### TASK DESCRIPTION
The records under this task must be duplicated exactly.

*** Opening EXTRACTED MATERIAL ***

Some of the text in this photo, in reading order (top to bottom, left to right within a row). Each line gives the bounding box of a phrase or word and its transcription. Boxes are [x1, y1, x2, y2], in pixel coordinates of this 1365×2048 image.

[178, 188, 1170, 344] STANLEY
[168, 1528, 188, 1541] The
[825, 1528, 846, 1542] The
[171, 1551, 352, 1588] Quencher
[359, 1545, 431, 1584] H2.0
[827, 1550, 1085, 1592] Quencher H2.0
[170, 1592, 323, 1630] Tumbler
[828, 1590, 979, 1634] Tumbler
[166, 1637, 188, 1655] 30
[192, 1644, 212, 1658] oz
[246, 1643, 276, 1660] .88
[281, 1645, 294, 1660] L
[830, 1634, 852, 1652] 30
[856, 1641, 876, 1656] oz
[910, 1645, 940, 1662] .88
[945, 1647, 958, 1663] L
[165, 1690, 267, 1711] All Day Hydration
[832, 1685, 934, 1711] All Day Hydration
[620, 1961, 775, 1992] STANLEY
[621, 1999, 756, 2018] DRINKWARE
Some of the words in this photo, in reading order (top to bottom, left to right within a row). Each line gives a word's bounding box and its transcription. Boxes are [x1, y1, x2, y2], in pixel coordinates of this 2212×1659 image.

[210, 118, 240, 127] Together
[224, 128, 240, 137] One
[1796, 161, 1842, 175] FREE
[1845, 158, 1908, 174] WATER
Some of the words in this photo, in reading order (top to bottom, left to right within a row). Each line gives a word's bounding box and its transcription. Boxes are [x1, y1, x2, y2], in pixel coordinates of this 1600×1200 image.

*** Closing EXTRACTED MATERIAL ***

### ANSWER SPACE
Some of the text in this photo, in reading order (top to bottom, left to right within a row). Each line gives the bounding box of a phrase or word and its transcription. Boxes are [x1, y1, x2, y2], in pixel coordinates of this 1365×2048 image.

[178, 188, 1170, 344] STANLEY
[168, 1528, 188, 1541] The
[825, 1528, 846, 1542] The
[171, 1551, 352, 1588] Quencher
[359, 1545, 431, 1584] H2.0
[827, 1550, 1085, 1592] Quencher H2.0
[170, 1592, 323, 1630] Tumbler
[828, 1590, 979, 1634] Tumbler
[166, 1637, 188, 1655] 30
[192, 1644, 212, 1658] oz
[246, 1643, 276, 1660] .88
[281, 1645, 294, 1660] L
[830, 1634, 852, 1652] 30
[856, 1641, 876, 1656] oz
[910, 1645, 940, 1662] .88
[945, 1647, 958, 1663] L
[165, 1690, 267, 1711] All Day Hydration
[832, 1685, 934, 1711] All Day Hydration
[620, 1961, 775, 1992] STANLEY
[621, 1999, 756, 2018] DRINKWARE
Some of the words in this photo, in reading order (top to bottom, left to right within a row). Each line gives a word's bounding box and its transcription. Boxes are [x1, y1, x2, y2], in pixel coordinates of this 2212×1659 image.

[210, 118, 240, 127] Together
[224, 128, 240, 137] One
[1796, 161, 1842, 175] FREE
[1845, 158, 1908, 174] WATER
Some of the words in this photo, in reading order (top to bottom, left to right within a row). Each line gives a word's bounding box and its transcription. Boxes are [x1, y1, x2, y2], in pixel coordinates of this 1600×1200 image.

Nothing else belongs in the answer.